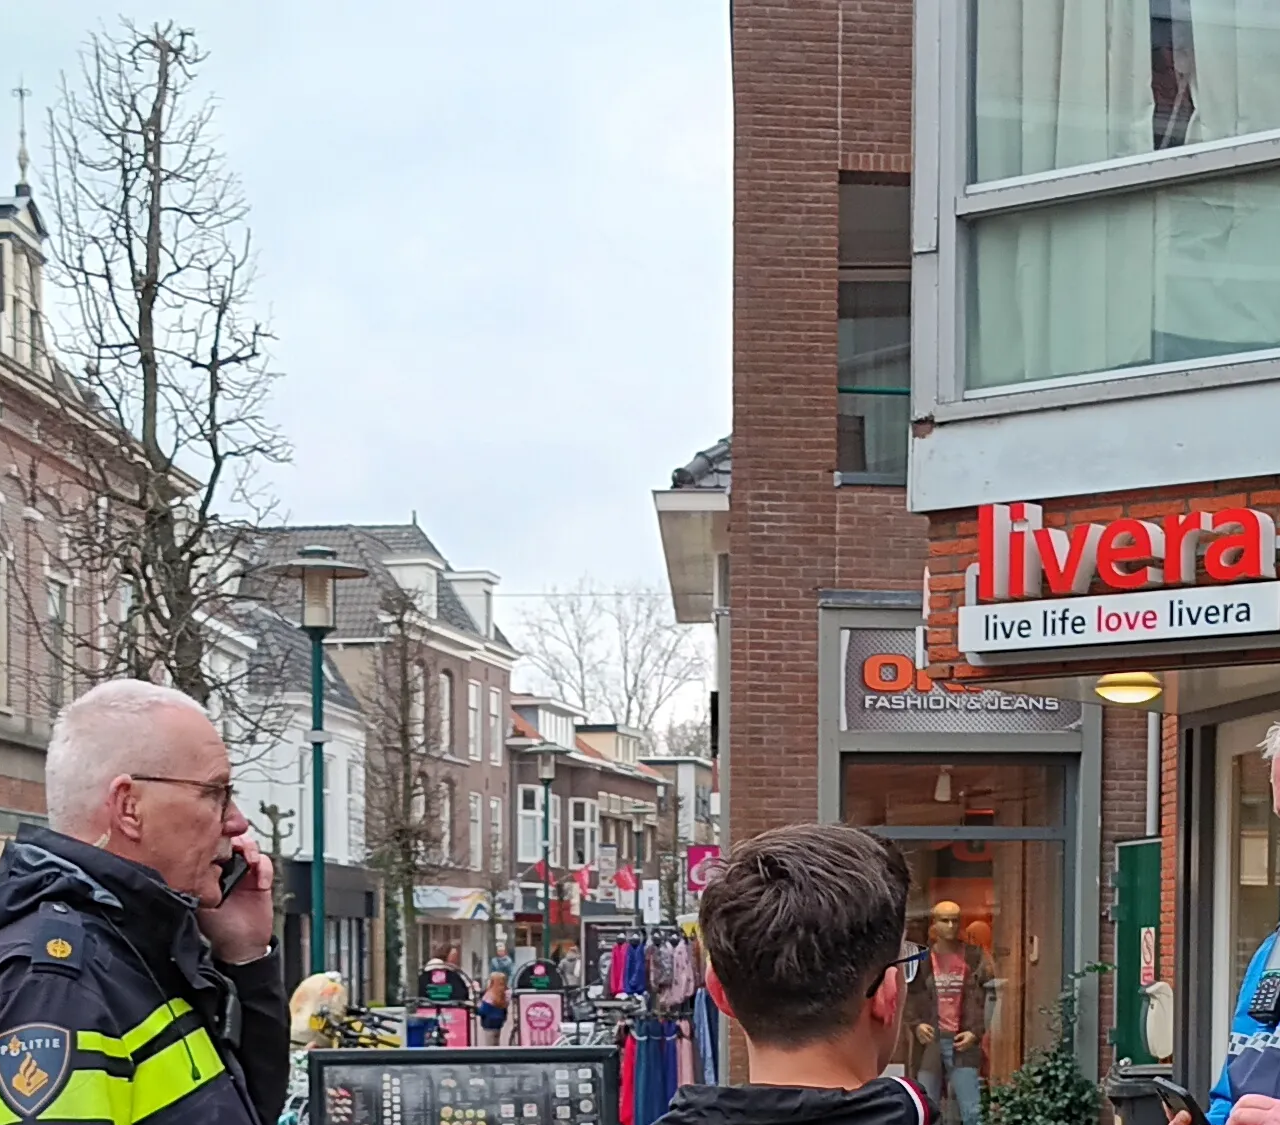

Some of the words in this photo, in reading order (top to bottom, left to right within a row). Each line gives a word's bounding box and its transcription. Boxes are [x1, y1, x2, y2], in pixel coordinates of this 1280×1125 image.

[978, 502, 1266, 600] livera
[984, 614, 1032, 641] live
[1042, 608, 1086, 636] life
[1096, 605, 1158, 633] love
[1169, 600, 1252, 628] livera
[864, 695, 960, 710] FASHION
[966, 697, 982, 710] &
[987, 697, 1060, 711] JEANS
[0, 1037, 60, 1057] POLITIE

..............................

# Exercise directions
The records above are to be repeated exactly, with the pictures left out.

# Response to this task
Some of the words in this photo, in reading order (top to bottom, left to right within a row). Each line gives a word's bounding box and its transcription. Boxes are [x1, y1, x2, y2], in pixel coordinates of this 1280×1125 image.

[978, 502, 1266, 600] livera
[984, 614, 1032, 641] live
[1042, 608, 1086, 636] life
[1096, 605, 1158, 633] love
[1169, 600, 1252, 628] livera
[864, 695, 960, 710] FASHION
[966, 697, 982, 710] &
[987, 697, 1060, 711] JEANS
[0, 1037, 60, 1057] POLITIE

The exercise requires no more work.